[Opening The data section]

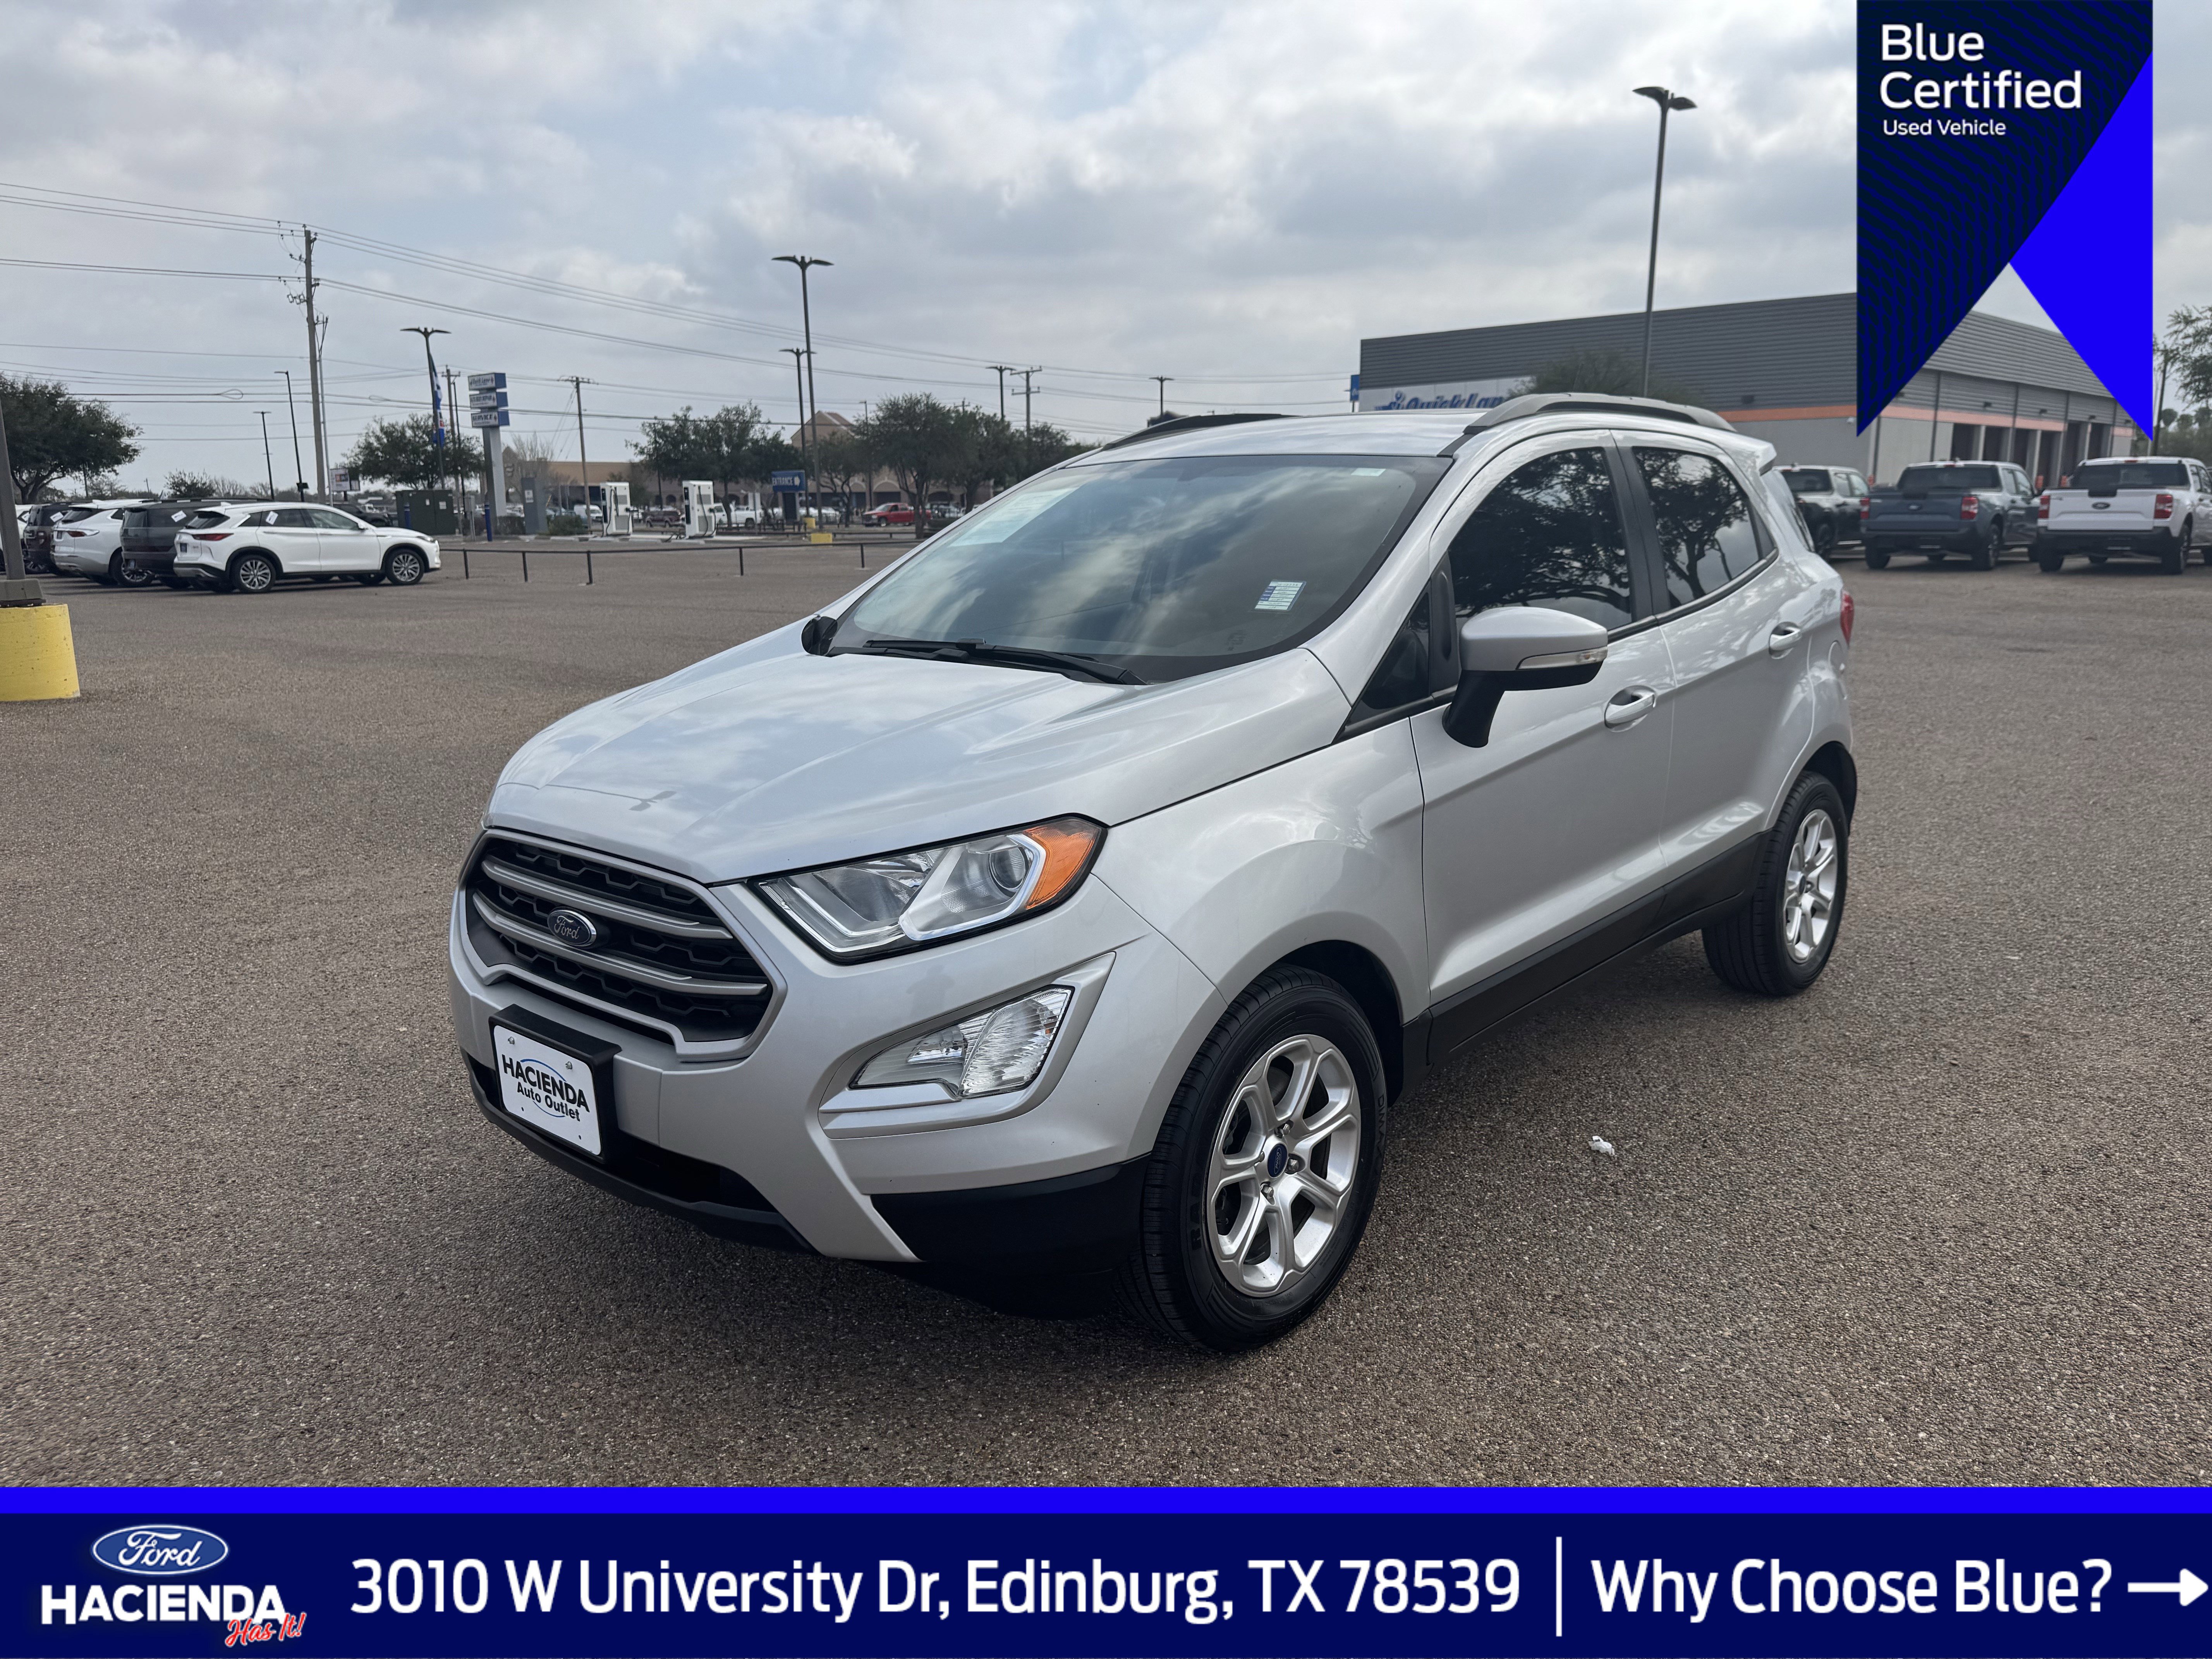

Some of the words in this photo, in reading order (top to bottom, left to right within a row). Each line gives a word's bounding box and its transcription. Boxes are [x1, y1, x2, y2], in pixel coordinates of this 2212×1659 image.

[772, 477, 793, 486] ENTRANCE
[554, 915, 580, 939] Ford
[501, 1054, 590, 1113] HACIENDA
[517, 1081, 541, 1103] Auto
[544, 1095, 580, 1122] Outlet
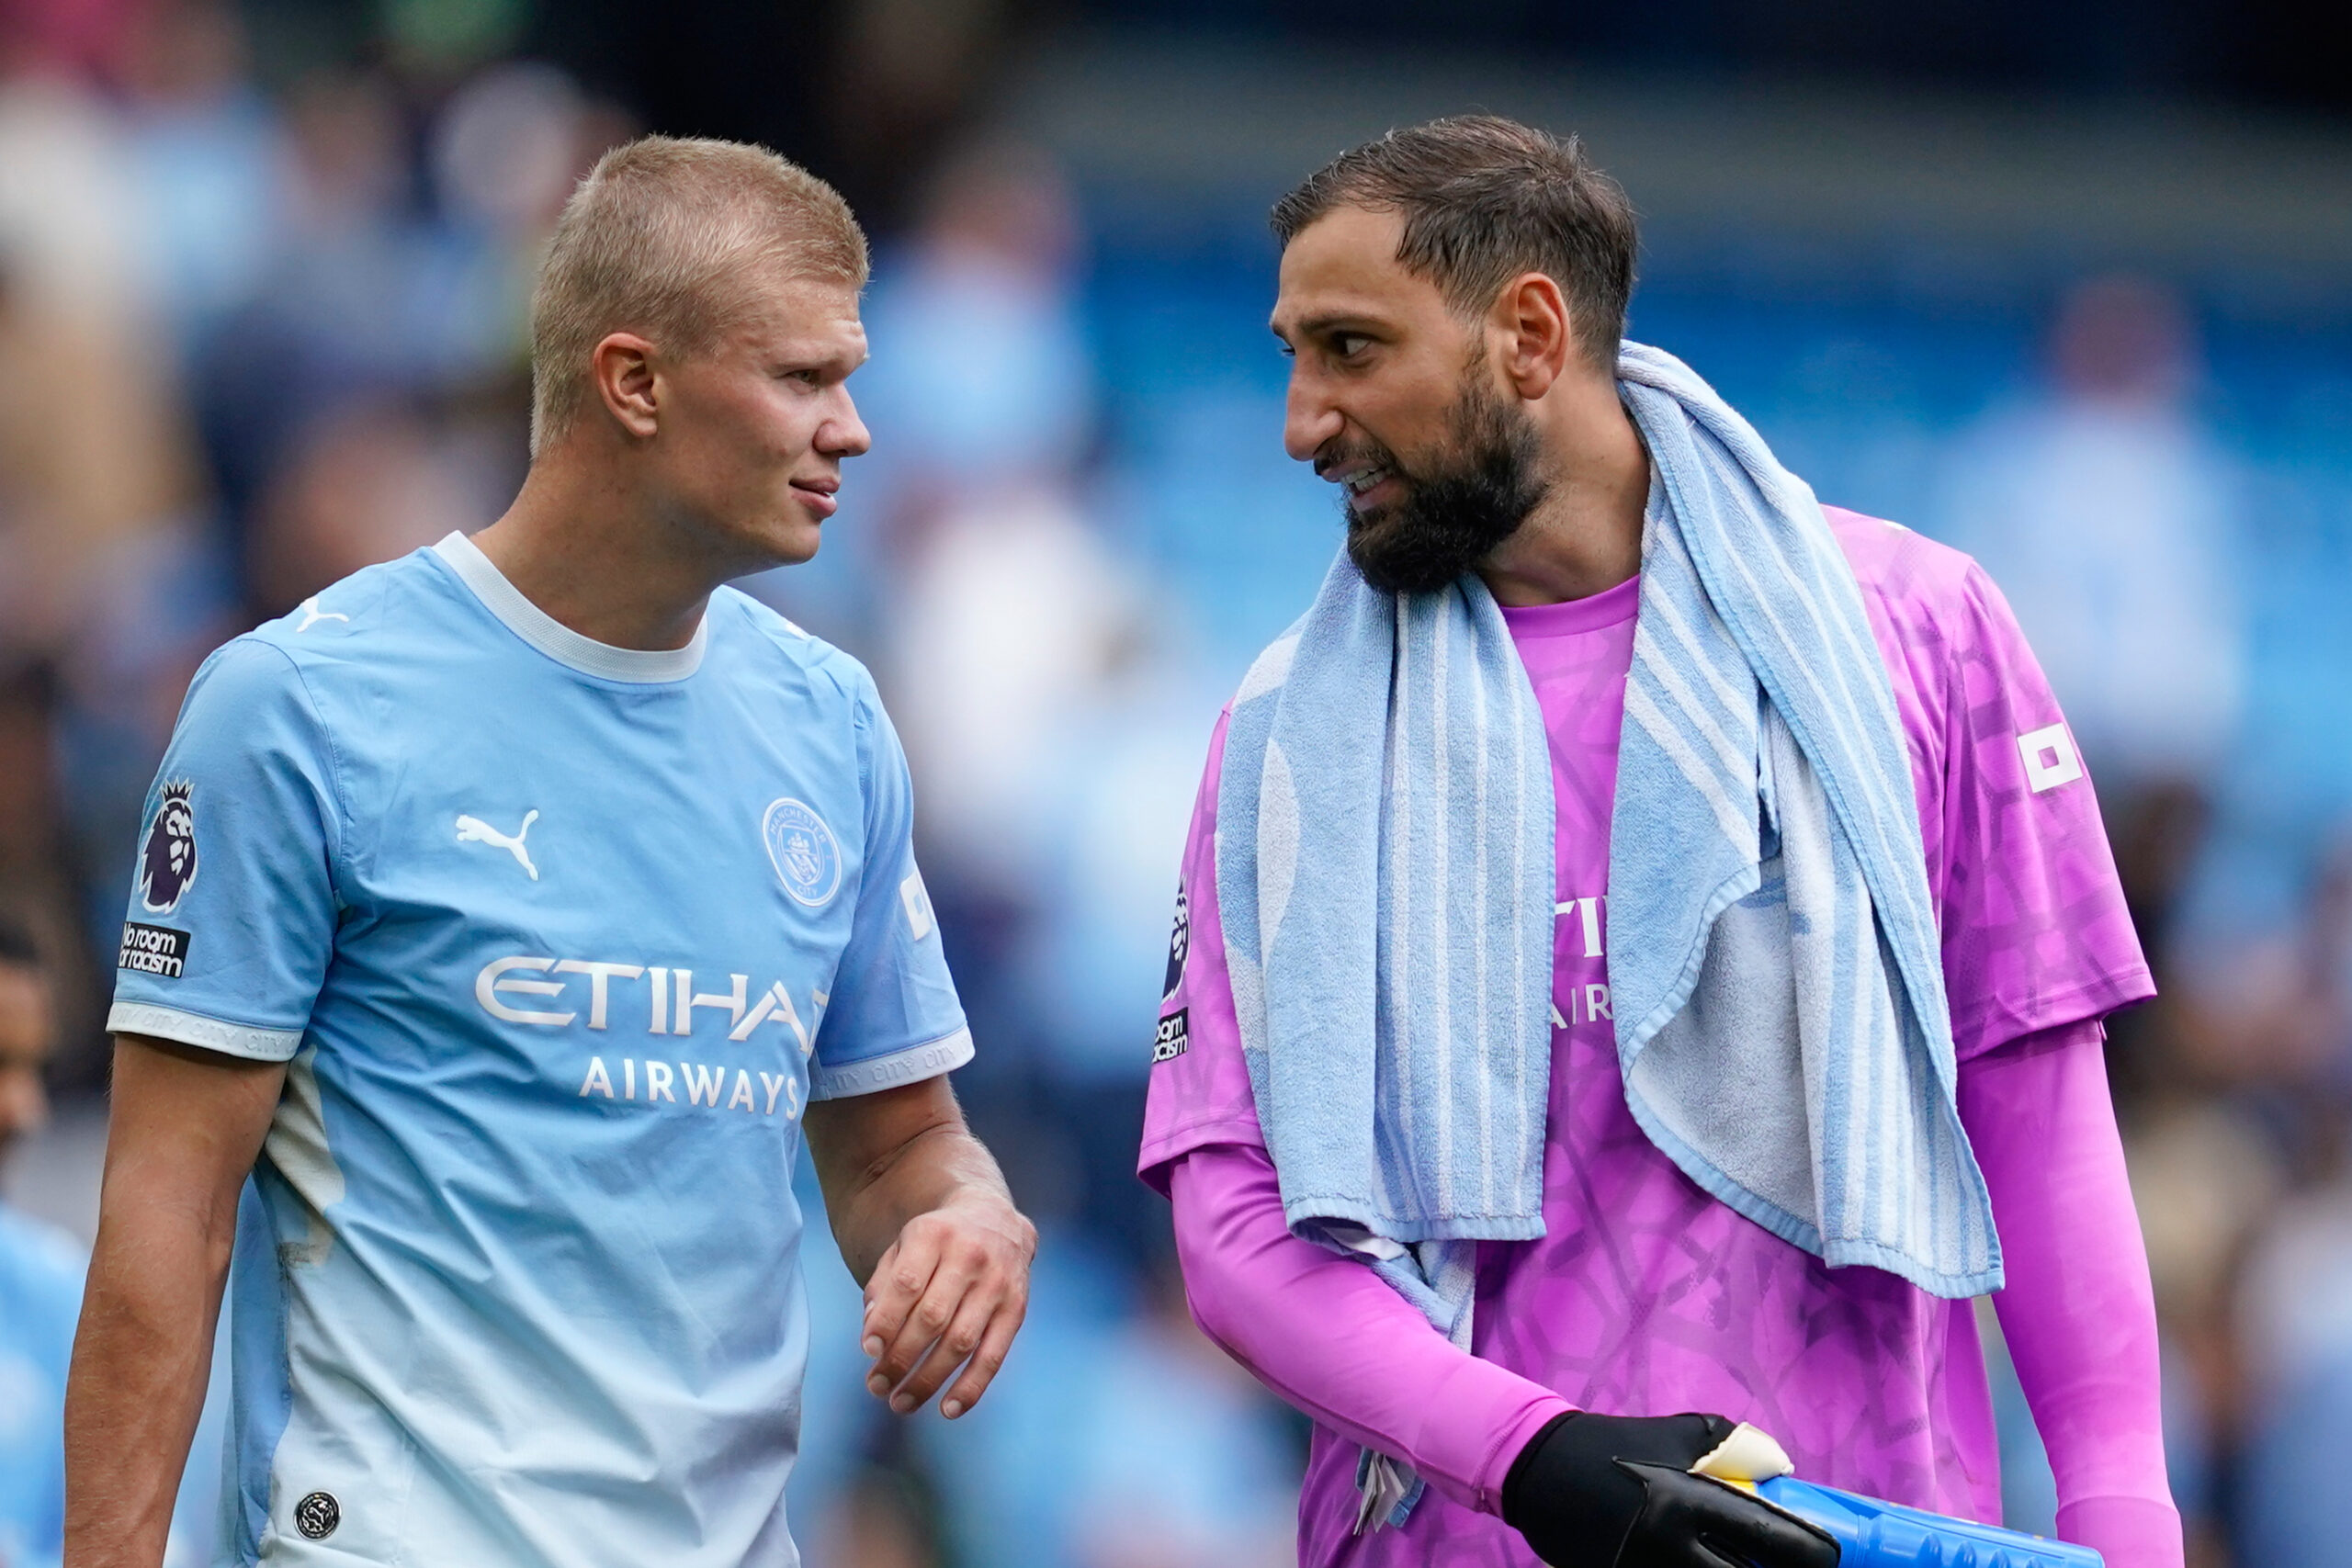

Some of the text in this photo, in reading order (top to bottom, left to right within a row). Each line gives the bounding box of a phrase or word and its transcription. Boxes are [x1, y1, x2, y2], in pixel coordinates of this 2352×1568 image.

[769, 807, 827, 843] MANCHESTER
[797, 886, 818, 897] CITY
[133, 929, 176, 954] room
[128, 950, 183, 977] racism
[579, 1055, 798, 1121] AIRWAYS

[Closing The data section]

▶ **What you are asked to do**
The entries above are to be printed again word for word, with every picture removed.

▶ **Answer to this task**
Some of the words in this photo, in reading order (top to bottom, left to right within a row). Each line gives a word's bounding box and its transcription. Boxes are [x1, y1, x2, y2], in pixel coordinates of this 2212×1659 image.

[772, 477, 793, 486] ENTRANCE
[554, 915, 580, 939] Ford
[501, 1054, 590, 1113] HACIENDA
[517, 1081, 541, 1103] Auto
[544, 1095, 580, 1122] Outlet

Some of the text in this photo, in reading order (top to bottom, left to right within a row). Each line gives the bounding box of a phrase or word and its transcription. Boxes are [x1, y1, x2, y2], in pixel coordinates of this 2352×1568 image.

[769, 807, 827, 843] MANCHESTER
[797, 886, 818, 897] CITY
[133, 929, 176, 954] room
[128, 950, 183, 977] racism
[579, 1055, 798, 1121] AIRWAYS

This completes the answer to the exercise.